Sebald’s great skill in precisely delineating surfaces, and the power that the framework of his fiction grants to language in this endeavor, sometimes obscures a great, though intentional, failure of his language: It is very nearly incapable of elaboration, of developing images external to the source material or which are not, to some degree, a meditation on ineffability. The black hole of oblivion ever reigns in Sebald’s writing, drawing the fiction into itself and preventing the construction of complex aesthetic effects.
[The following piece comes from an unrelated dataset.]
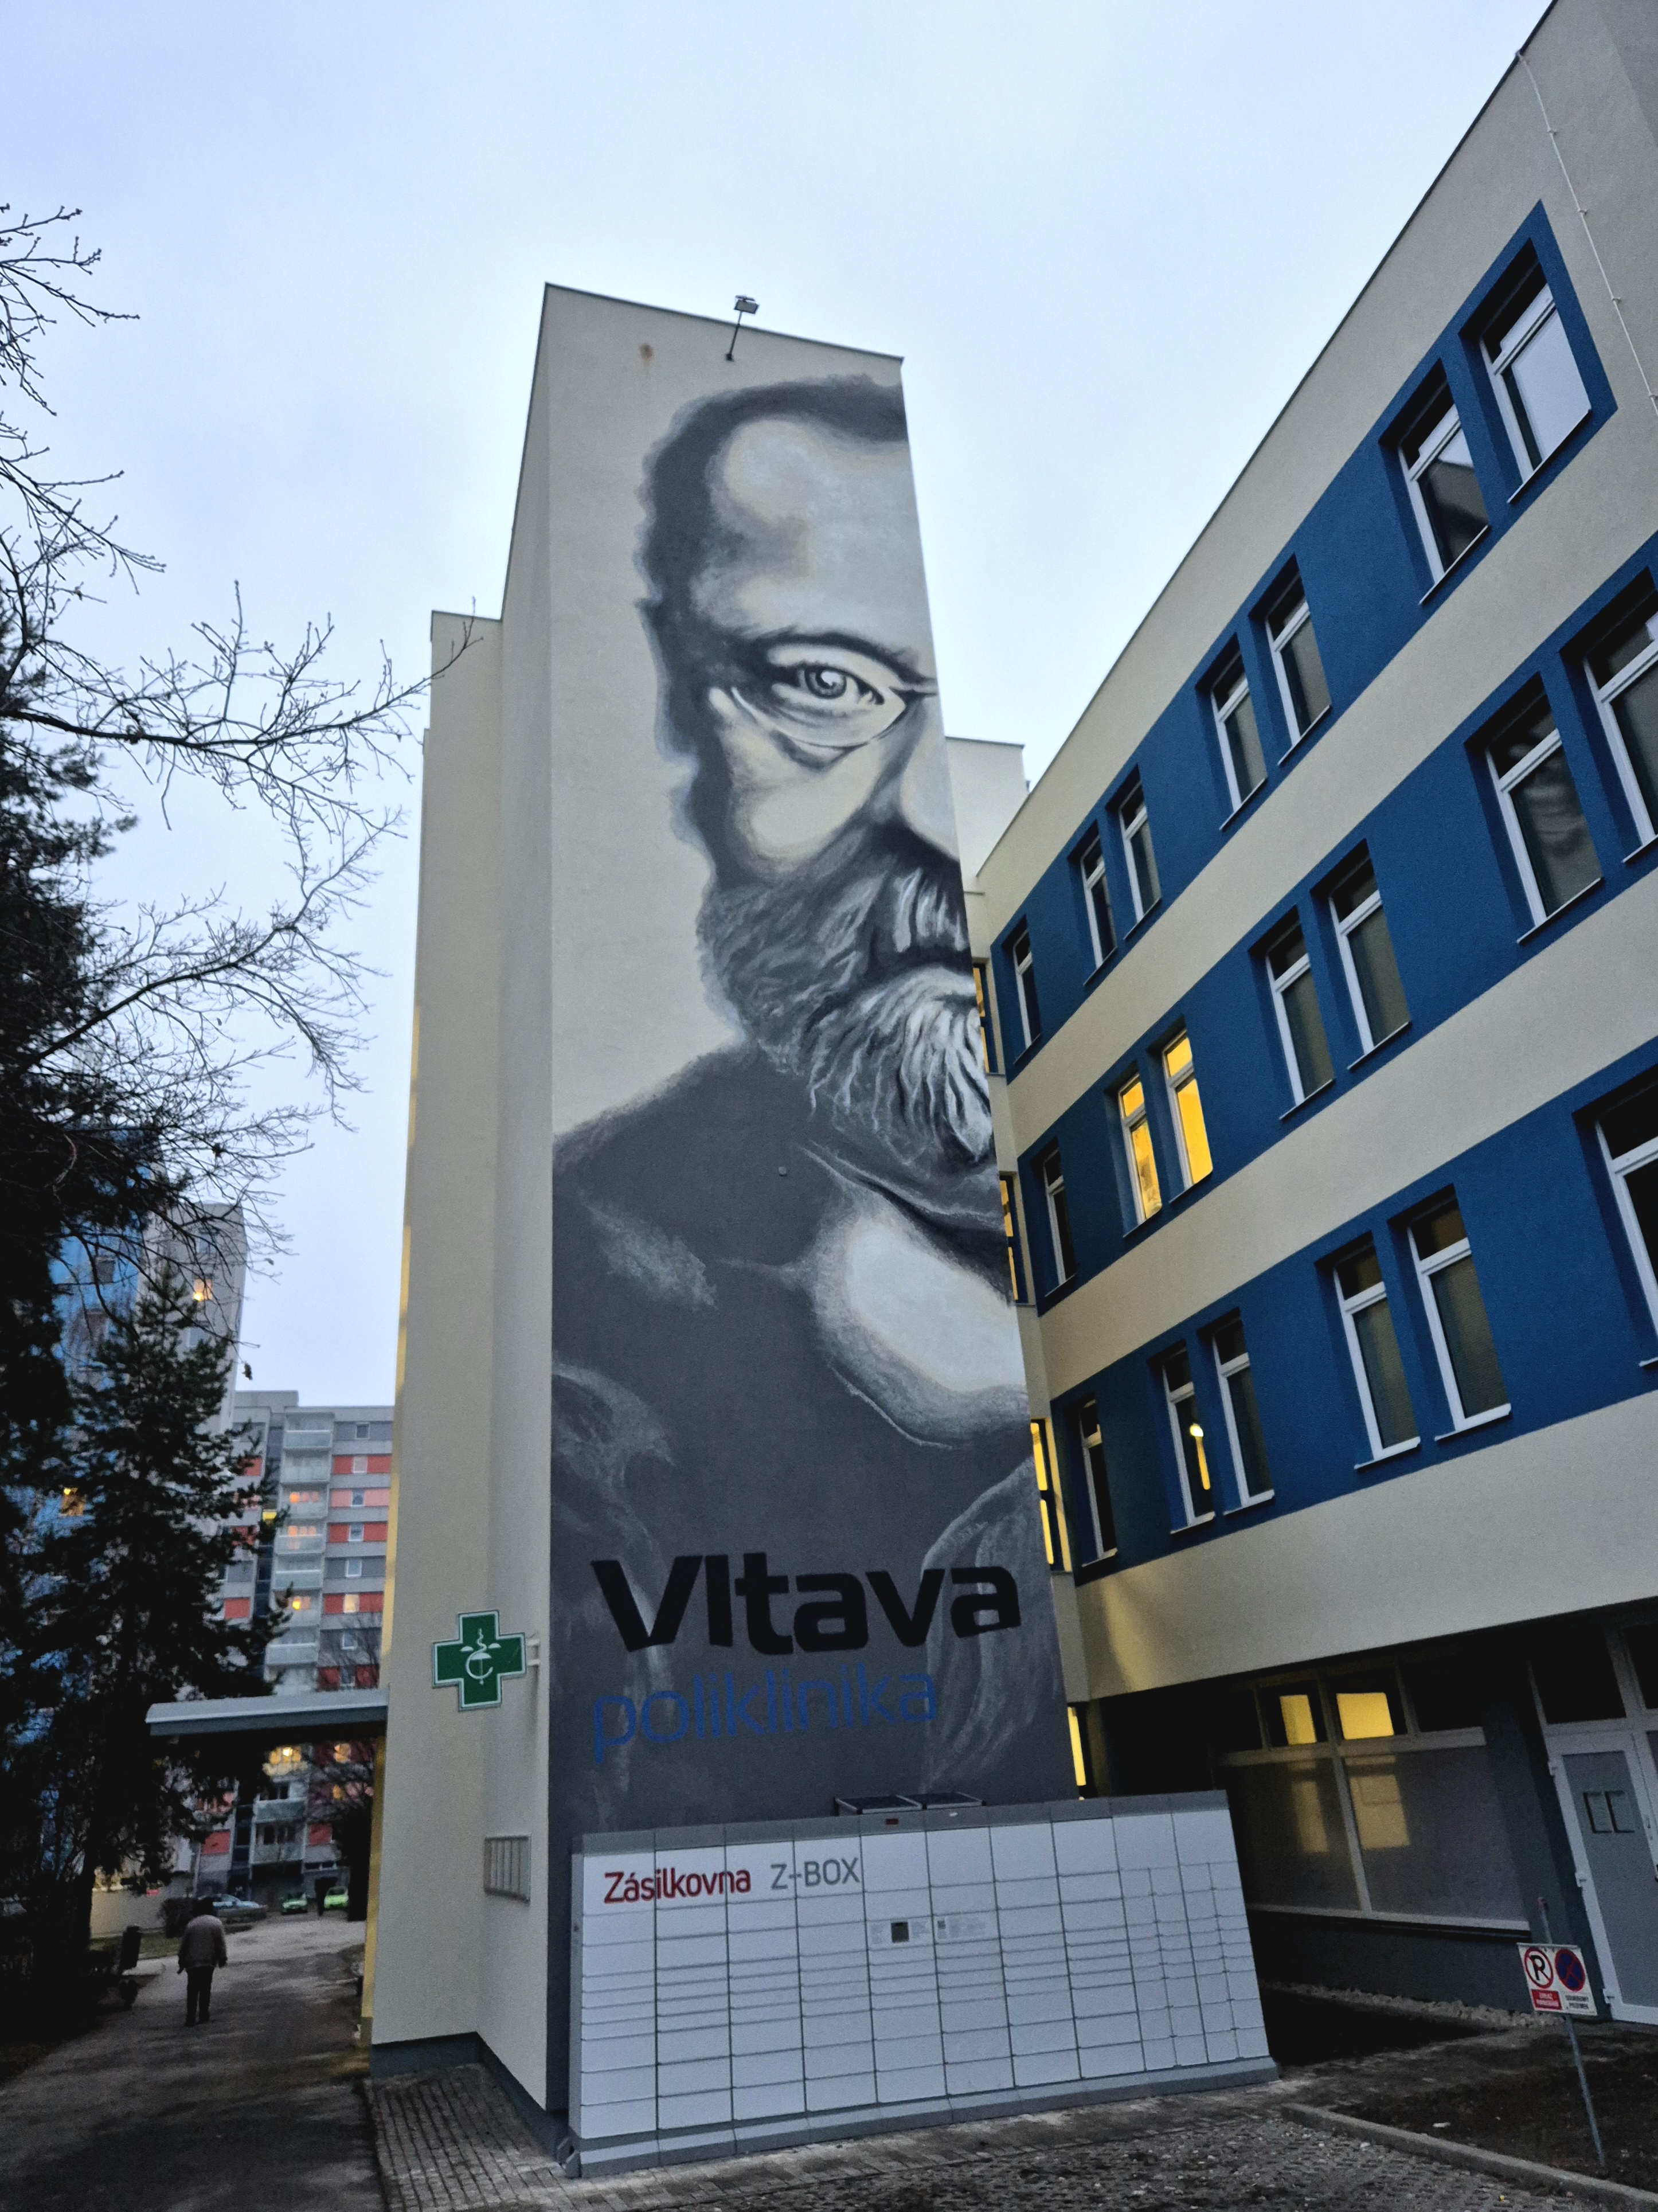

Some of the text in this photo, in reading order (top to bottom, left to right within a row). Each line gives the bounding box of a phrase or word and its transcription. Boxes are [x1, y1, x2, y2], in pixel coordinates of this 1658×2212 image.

If the typical sentence of Proust—the master of elaboration—is meant to ambulate, to rise and fall in synoptic waves, flirting ever with the achievement of liftoff and gesturing, in these pendent moments, at images outside of the text, outside of language itself, the typical Sebaldian sentence is meant to incorporate and contain—it remains a self-sufficient, closed system. The uncertain tempo of a Proustian elaboration stands in stark contrast to the steady and unrelenting tempo of Sebald’s writing; Sebald’s sentences roll on, devouring details and preserving them in the process, embedding facts (real or fictive) in their elegant, multiclausal construction.
When memory seems merely a cancerous stimulation of oblivion, and language reigns supreme only in the realm of detail, then the main concern of language is clearly dictated. From *Austerlitz*:
*[T]he darkness does not lift but becomes yet heavier as I think how little we can hold in mind, how everything is constantly lapsing into oblivion with every extinguished life, how the world is, as it were, draining itself, in that the history of countless places and objects which themselves have no power of memory is never heard, never described or passed on.*
Sebald has set himself the impossible task of the metaphysical documentarian, to collect and preserve the entirety of history via the “places and objects” that bear it, and to lathe it all into some manageable form of representation.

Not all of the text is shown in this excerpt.